Without giving away proprietary info, what was your internship like? What were you responsible for? What was a typical day like?
The training program is a way for recent graduates to get a feel for many of CB&I’s different operating groups. Working as an intern/trainee for a large company has many benefits. I was able to immediately contribute to numerous projects with budgets easily exceeding hundreds of millions of dollars. The program surrounded me with a team of very experienced professionals. They help guide and advise the trainees, while we developed our technical engineering skills as well as the soft skills needed in a team environment. I was given as much responsibility as I asked for, and most of the time a little bit more. My days were always different, but typically it is very task oriented. Our projects typically have predetermined itemized deadlines. This provided us with a very logical approach to completing our goals.

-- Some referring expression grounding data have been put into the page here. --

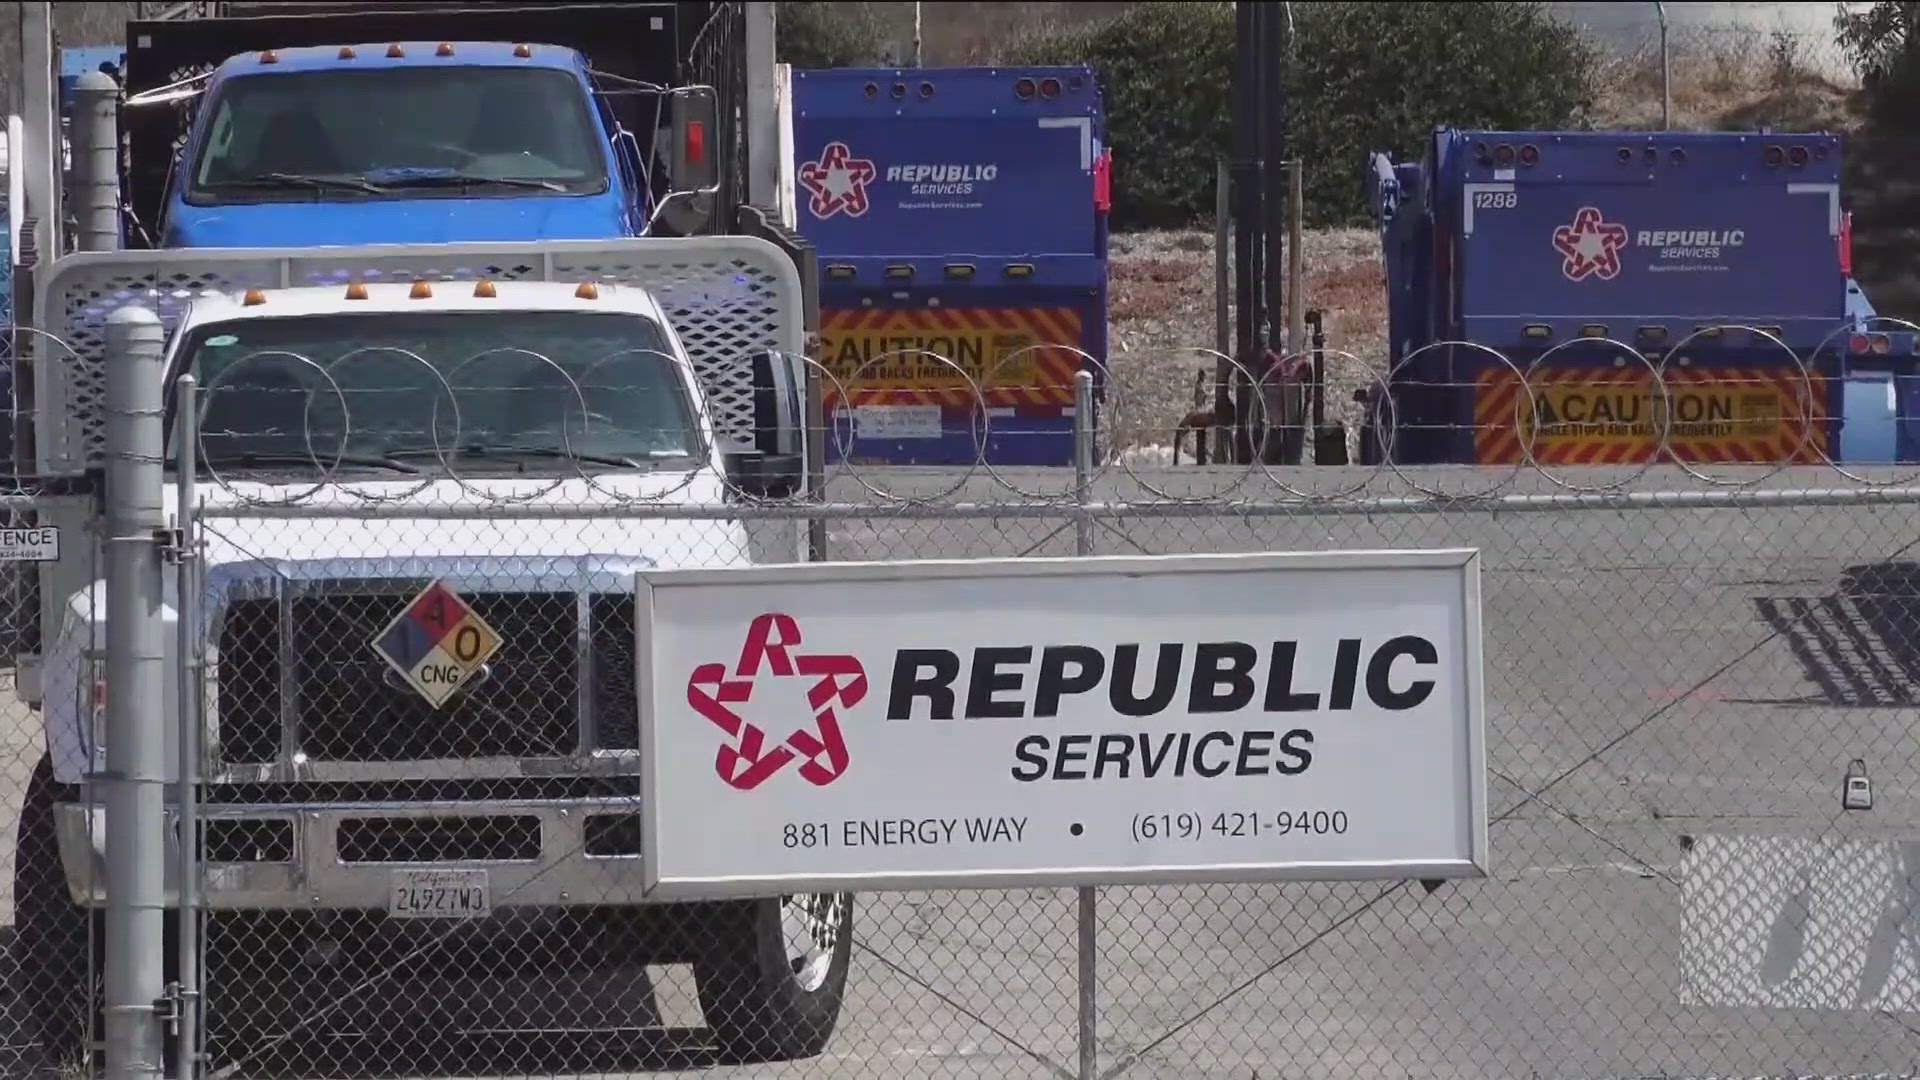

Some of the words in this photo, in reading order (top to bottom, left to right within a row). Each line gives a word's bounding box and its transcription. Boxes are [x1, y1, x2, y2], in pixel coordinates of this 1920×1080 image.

[887, 165, 997, 182] REPUBLIC
[912, 183, 973, 194] SERVICES
[1476, 193, 1517, 208] 1288
[1637, 230, 1744, 246] REPUBLIC
[1661, 247, 1720, 258] SERVICES
[1562, 394, 1731, 423] CAUTION
[455, 625, 481, 662] 0
[421, 664, 459, 684] CNG
[886, 635, 1438, 721] REPUBLIC
[1011, 729, 1314, 782] SERVICES
[783, 823, 829, 848] 881
[843, 819, 957, 846] ENERGY
[964, 817, 1028, 843] WAY
[1132, 812, 1202, 842] (619)
[1211, 811, 1348, 837] 421-9400
[397, 887, 483, 910] 24927W3
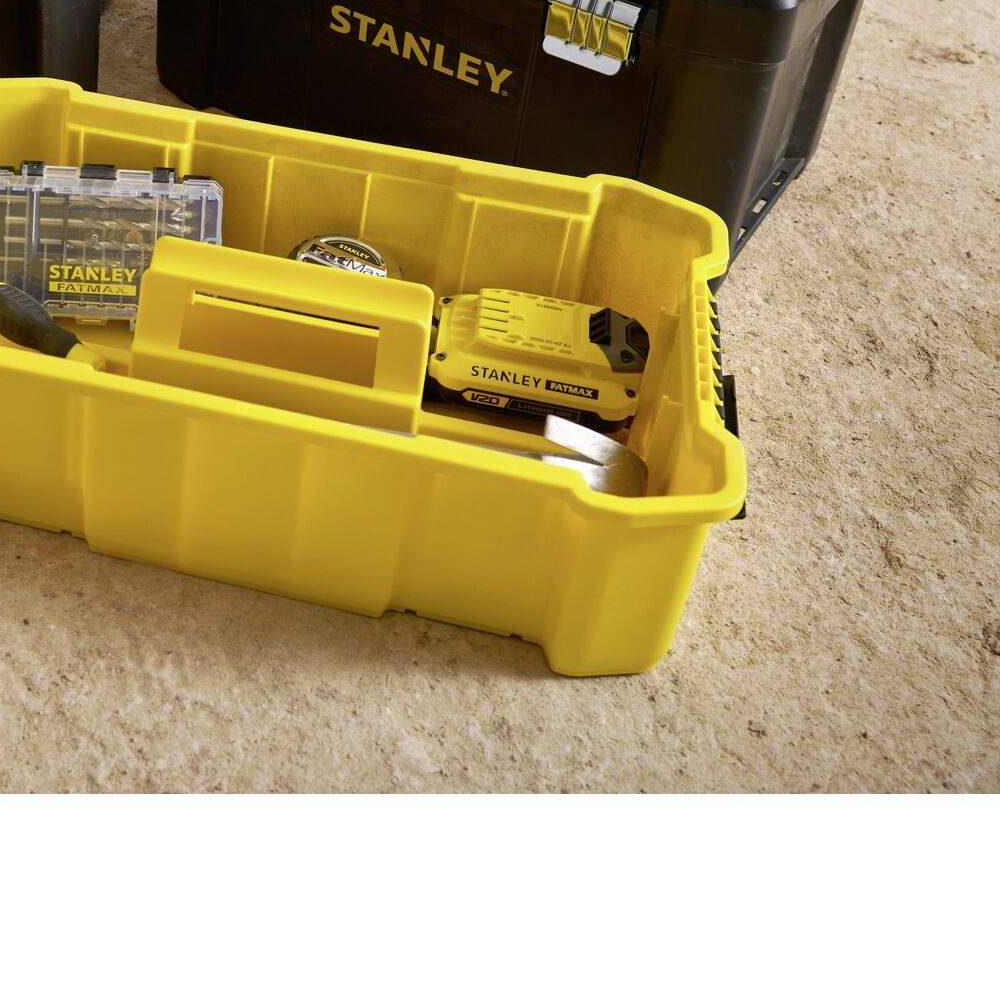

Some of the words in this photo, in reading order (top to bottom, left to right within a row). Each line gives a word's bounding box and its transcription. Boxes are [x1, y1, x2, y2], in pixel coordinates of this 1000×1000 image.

[329, 3, 513, 95] STANLEY
[309, 243, 385, 277] FatMa
[339, 243, 370, 260] STANLEY
[48, 264, 137, 284] STANLEY
[56, 283, 129, 296] FATMAX
[471, 365, 542, 389] STANLEY
[471, 393, 501, 406] V20
[549, 382, 594, 399] FATMAX
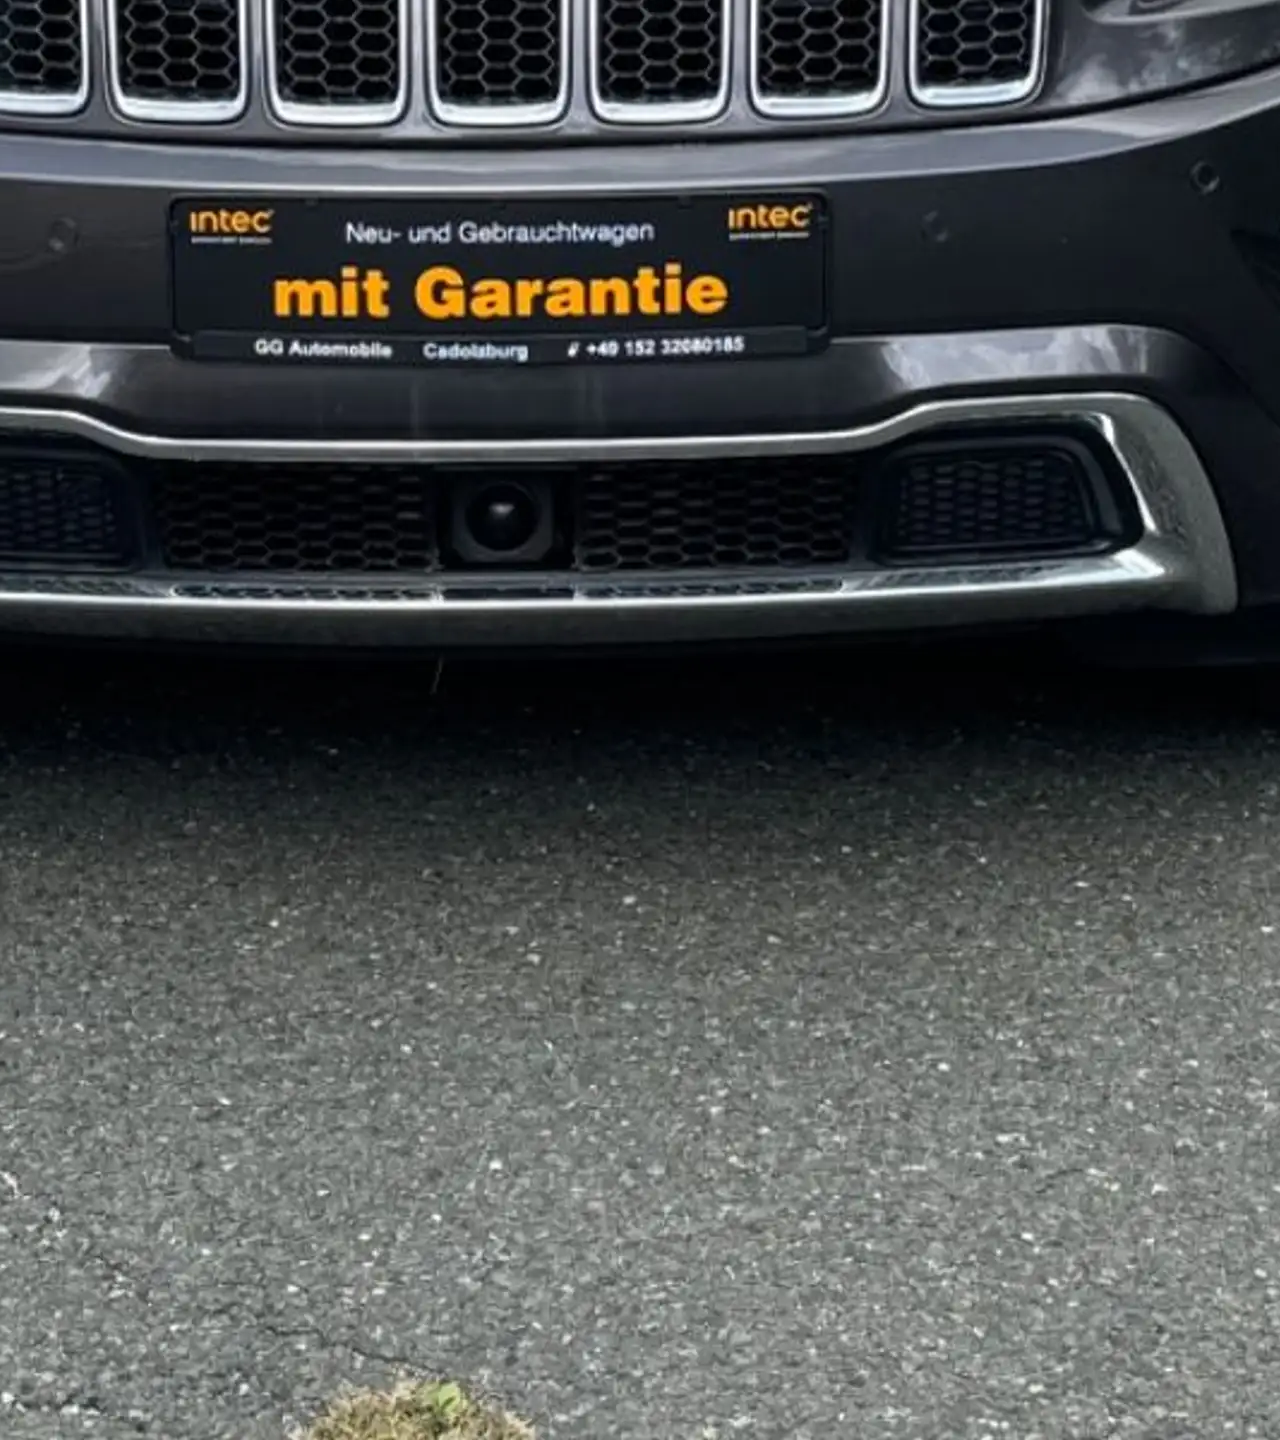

Did you feel the program prepared you for the internship? In what ways?
I feel like the program did an excellent job preparing me for a job. Especially during the final lab, it puts you in a mindset that we were working for a company, and our team had a responsibility to deliver quality results within a tight schedule. I learned in the summer program to expected the unexpected and to be prepared to quickly adapt to new problems that arise. During my time with CB&I I have experienced situations where our team had put a lot of time into a designing a process, only to have the client change the requirements. Being able to take change in stride can be a difficult thing to do, but the program did a great job preparing me for real life situations like this.
The professional development portion of the program also helped with the art of professionally interacting with co-workers and superiors. During my employment I have dealt with a number of problems that were related to what we had learned in the graduate internship program.

How did your internship prepare you for your current position/career path?
The CB&I training program has already exposed me to multiple new engineering tools, industrial standards, and technologies. I am currently still a member of the training program, and will be until the end of 2015. During each rotation I have gained experience that contributes to the next. Although I have some time until I complete my training, I feel confident that I am on my way to a long and successful professional career.